Von | @qaasimilli folgen |
Gestern Abend stand es schwarz auf weiss in allen Onlineportalen: Die rechtskonservative SVP hat einen historischen Wahlsieg auf Kosten der Mitteparteien errungen. Damit ist klar, dass die durch das Abspalten der BDP 2011 vorübergehend eingetretene Baisse überwunden werden konnte. Die Partei setzt ihren Siegeszug wider alle politisch korrekten Unkenrufe fort.
Anders als die schwer greifbaren, permanent lamentierenden Mitteparteien setzt die SVP seit jeher klare Wegmarken und bewirtschaftet Themen, die von einem wesentlichen Anteil der Bürger als prioritär wahrgenommen werden. Ein Thema erfolgreich zu bewirtschaften heisst im Idealfall, es erst zum Thema zu machen. Dies gelingt der SVP seit ihrer Gründung etwa mit der Ausländer- und EU-Politik. Als das Ausländer-Thema mangels grosser Migrationsströme im neuen Millennium ins Hintertreffen zu gelangen drohte (Scheitern der 18%-Initiative im September 2000), entdeckten findige Parteigänger den Islam als neue kulturelle Gefahrenzone. Das Thema liess sich diskursiv beinahe nahtlos an die Ausländerdebatten der späten 90er Jahre anhängen, zumal die meisten Nicht-EU Zuwanderer in der Schweiz aus Ländern mit muslimischem Hintergrund stammen. Ausserdem gibt es eine Vielzahl korrespondierender Topoi zwischen Ausländer und Muslim: Beide lassen sich qua ihrer Herkunft und Kultur als «Fremde» konstruieren, beide bringen neue Bräuche, Sitten und Essgewohnheiten ins Land und beide verursachten dem Schweizer Steuerzahler auf die eine oder andere Art Mehrkosten – wird so zumindest geltend gemacht.

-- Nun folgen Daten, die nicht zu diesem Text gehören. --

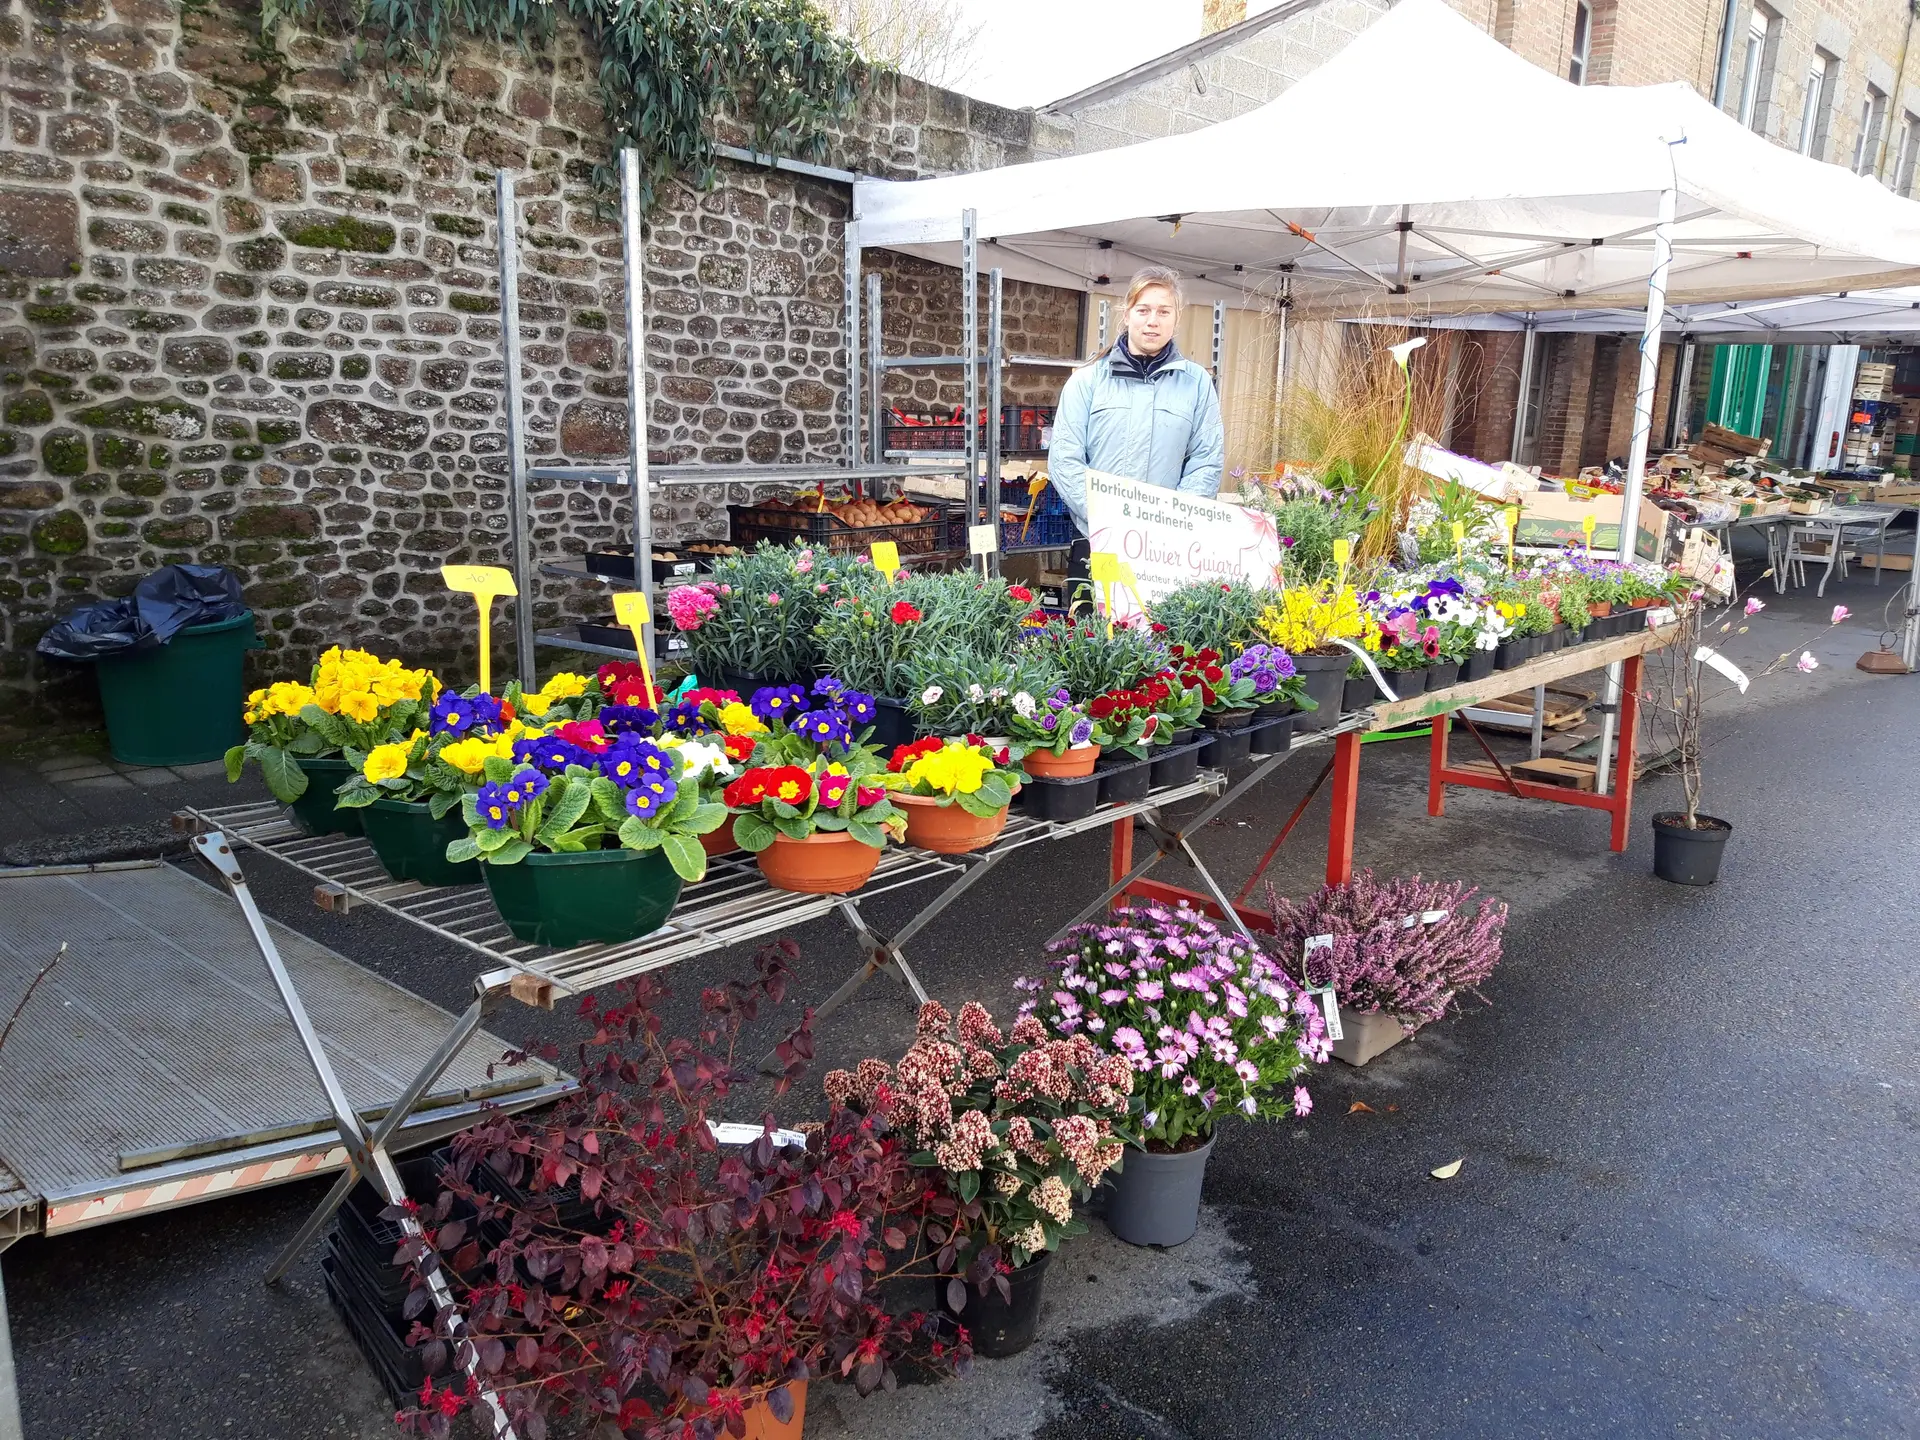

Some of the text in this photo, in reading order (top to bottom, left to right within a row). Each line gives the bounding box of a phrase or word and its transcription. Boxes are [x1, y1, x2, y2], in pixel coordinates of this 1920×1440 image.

[1091, 477, 1160, 505] Horticulteur
[1172, 497, 1232, 522] Paysagiste
[1123, 503, 1193, 531] & Jardinerie
[1124, 529, 1243, 578] Olivier Guiard
[1134, 569, 1170, 585] oducteur

Die seit 2004 europaweit an Schärfe gewinnenden kulturhegemonialen Wertedebatten richteten sich praktisch ausschliesslich gegen den Islam. Die SVP vermochte über die Landesgrenzen hinweg nur deshalb Erstaunen auszulösen, weil sie sich ab 2006 auf Minarette fixierte anstatt auf die aus frankophoner Sicht viel gefährlicheren Kopftücher und «Burkas». Die Brisanz einer systematischen Bewirtschaftung der Islamophobie wurde von der Politik völlig unterschätzt. Anstatt den im Zuge der Minarett-Debatte zementierten islamophoben Stereotypen gewichtig und von höchster Stelle aus entgegenzutreten, belächelte und ignorierte die Politik das Volksbegehren bis zum Abstimmungstag konsequent. Offenbar glaubte niemand daran, dass sich das skurrile Anliegen des Egerkinger Komitees an der Urne durchsetzen könnte. Das fulminante Scheitern Claude Longchamps Abstimmungsprognose gilt seither als symptomatisch für den Graben zwischen der politisch korrekten öffentlichen und der abstimmungsrelevanten Meinung der Schweizerinnen und Schweizer. Dabei hätten die Leserkommentare in den Onlinemedien längst als Indikator für den neuen politischen Trend dienen können.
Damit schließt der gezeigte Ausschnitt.